Data records
********************

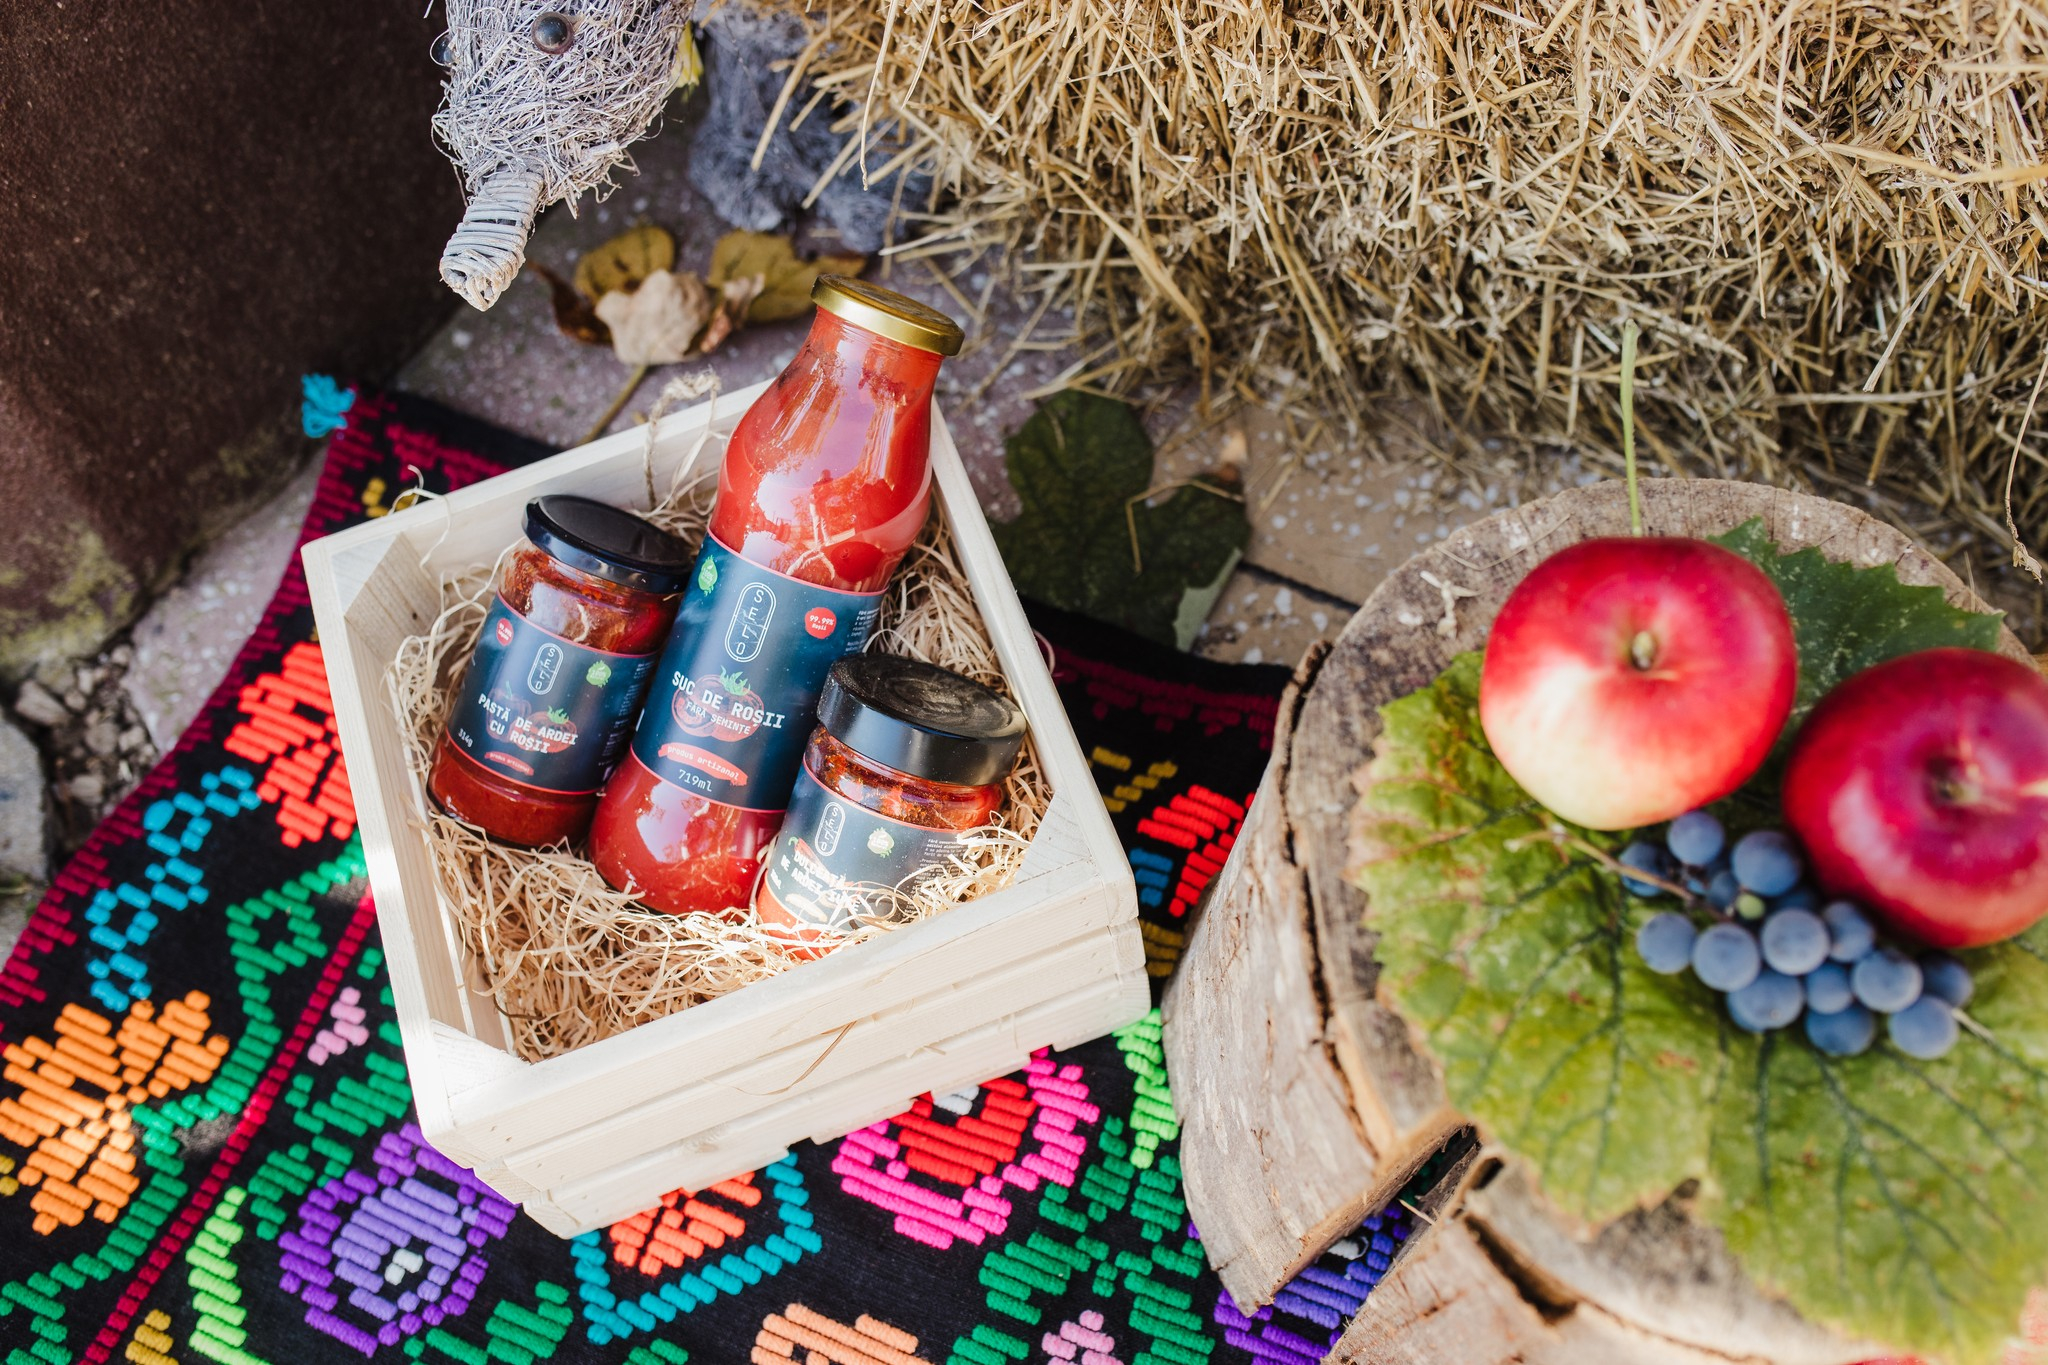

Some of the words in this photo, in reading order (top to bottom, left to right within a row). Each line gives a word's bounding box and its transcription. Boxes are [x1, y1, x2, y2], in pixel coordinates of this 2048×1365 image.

[736, 589, 764, 655] SELO
[809, 615, 834, 626] 99.99%
[535, 648, 556, 690] SELO
[478, 693, 511, 722] PASTĂ
[515, 716, 533, 732] DE
[537, 728, 578, 746] ARDEI
[672, 671, 695, 695] SUC
[702, 689, 723, 710] DE
[731, 702, 785, 728] ROȘII
[489, 720, 505, 735] CU
[509, 731, 550, 754] ROȘII
[667, 745, 694, 760] produs
[697, 756, 740, 780] artizanal
[678, 768, 712, 792] 719ml
[820, 807, 839, 851] SELO

********************

DIRECTIONS
Return the entries unchanged, save for the pictures, which do not belong in the copy.

ANSWER BOX
Some of the words in this photo, in reading order (top to bottom, left to right within a row). Each line gives a word's bounding box and its transcription. Boxes are [x1, y1, x2, y2], in pixel coordinates of this 2048×1365 image.

[736, 589, 764, 655] SELO
[809, 615, 834, 626] 99.99%
[535, 648, 556, 690] SELO
[478, 693, 511, 722] PASTĂ
[515, 716, 533, 732] DE
[537, 728, 578, 746] ARDEI
[672, 671, 695, 695] SUC
[702, 689, 723, 710] DE
[731, 702, 785, 728] ROȘII
[489, 720, 505, 735] CU
[509, 731, 550, 754] ROȘII
[667, 745, 694, 760] produs
[697, 756, 740, 780] artizanal
[678, 768, 712, 792] 719ml
[820, 807, 839, 851] SELO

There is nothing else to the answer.